Capitalism is based on the idea that The Invisible Hand of self-interest will drive markets to benefit all participants. This means that when one resource becomes scarce and thus costly, then an alternative will be found, manufactured or exploited. This has played out satisfactorily in the procession from wood to whale oil to coal to oil and natural gas, but the concept that no real substitute is available runs counter to capitalist ideals.

The notion that there will only be shortages and no substitutions seamlessly appearing via the magic of free markets is alien. Like the person falling from a tall cliff, the fact that they we haven't slammed into any hard limit yet provides a false faith in the magic of the markets to provide a technological alternative.

Thus mini-nuclear reactors, algae-based fuels, and various other exciting schemes are routinely trotted out as the "source of unlimited energy in the near future," always with the implicit faith that the process can be scaled up from the laboratory to a global scale with only modest difficulties.

The idea that these grand concepts cannot be scaled up cheaply or quickly due to physics or other severe limitations of Nature is anathema to a faith in the unconquerable power of human ingenuity and open markets.

Maybe algae will scale up from a few thousand gallons a month to billions of gallons a day, or solar energy can be converted to hydrogen, which will then power the planet's 600 million vehicles via fuel cells; but the market has no way to price the possibility than essential resources will enter permanent depletion declines and that no cheap, scalable substitute exists.

5. The market is intrinsically incapable of pricing extinction and other social/shared costs of global production and consumption. As I often note, the last wild tuna will fetch a handsome price when it's auctioned off in the Tokyo Fish Market. Was the value of a wild species calculated by the market? No. the "market" has no mechanism for pricing in the "value" of a species, or of the social costs of poisoned air and water--the Commons we all depend on.

It also is intrinsically incapable of pricing control of resources or assets; the free market presumes that an unfilled demand will be met by someone, somewhere.
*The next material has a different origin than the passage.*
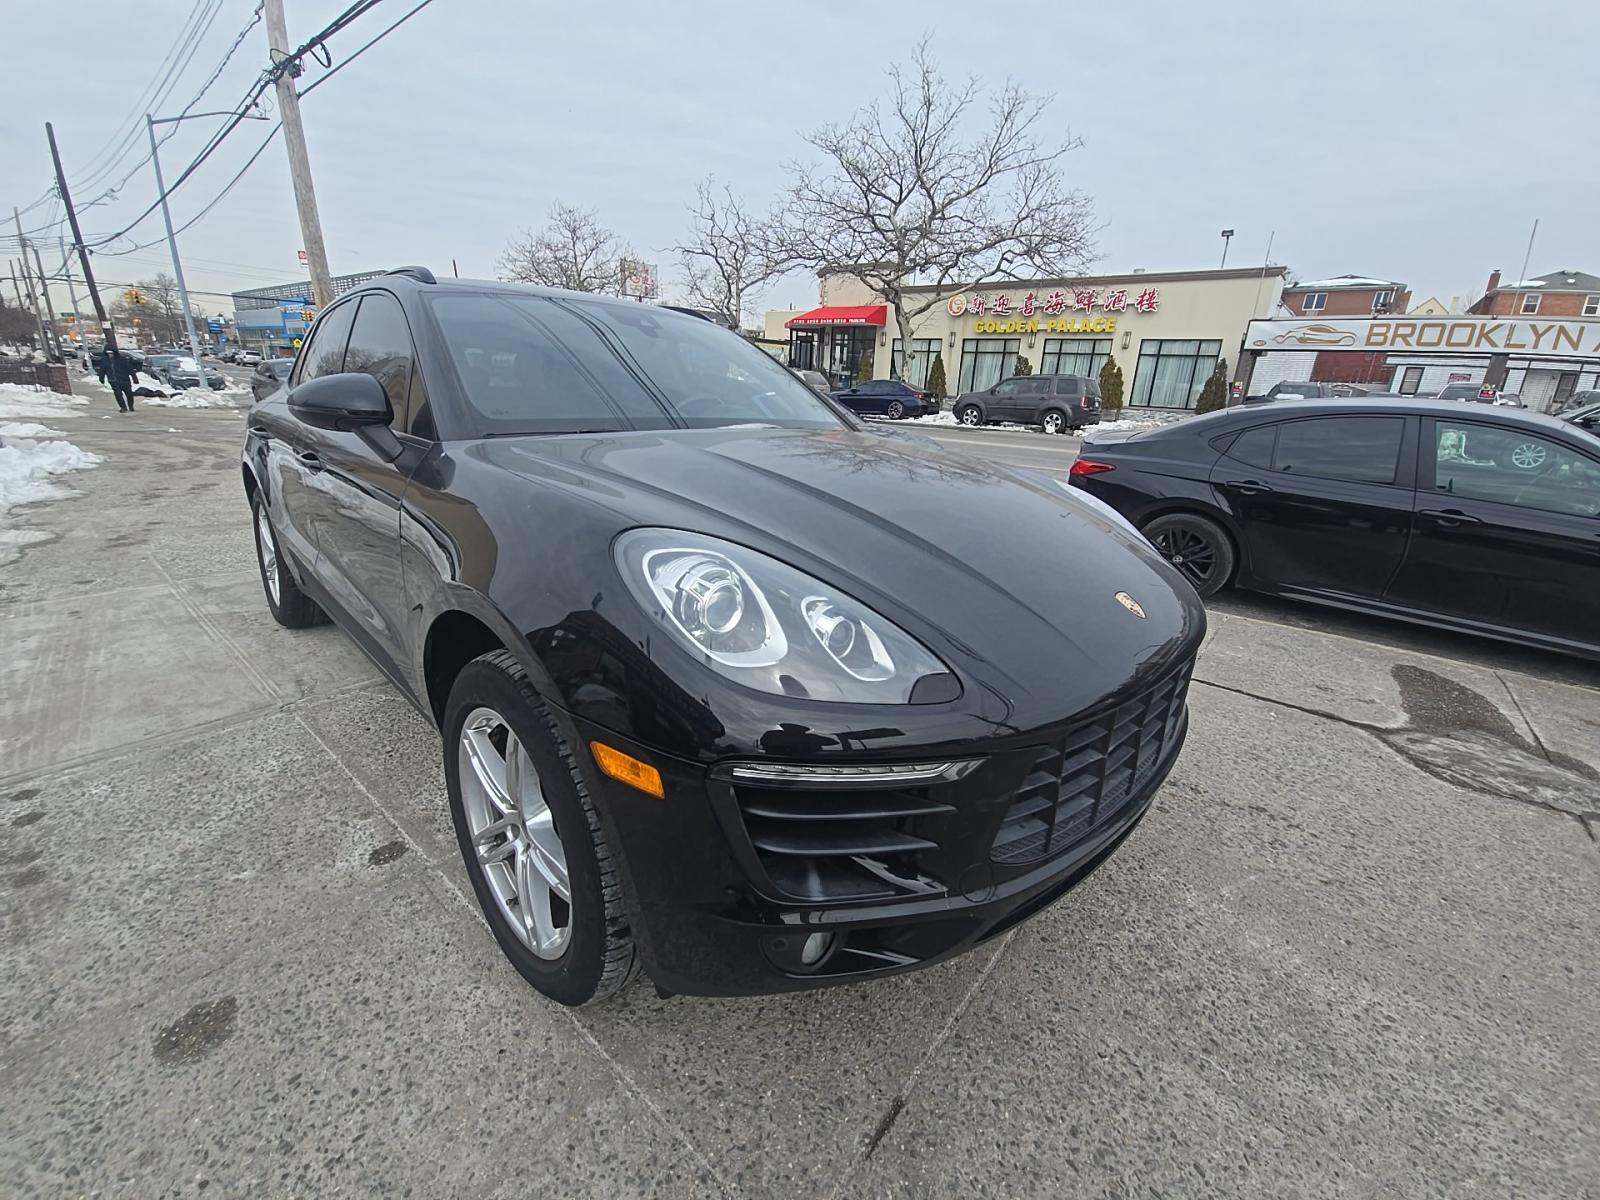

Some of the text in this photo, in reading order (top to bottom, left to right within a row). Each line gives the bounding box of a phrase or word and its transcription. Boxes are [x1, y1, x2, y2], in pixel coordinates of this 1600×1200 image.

[975, 317, 1118, 334] GOLDEN PALACE
[1364, 322, 1585, 351] BROOKLYN
That ignores the potential for political control of assets and resources which are immune to market pricing.

Risk, future value, control--all of these critical elements are reduced to a "futures bid" which has no inputs for the value of a wild species, the "value" of clean air, the costs of polluted air borne by the tax-paying citizenry, the difficult-to-assess cost of a floating "island" of plastic garbage in the Pacific 2,000 kilometers in diameter, etc.

These crises of Neoliberal Global State (predatory) Capitalism overlap and reinforce each other; none are tractable or easily resolved without structural changes at the most profound levels.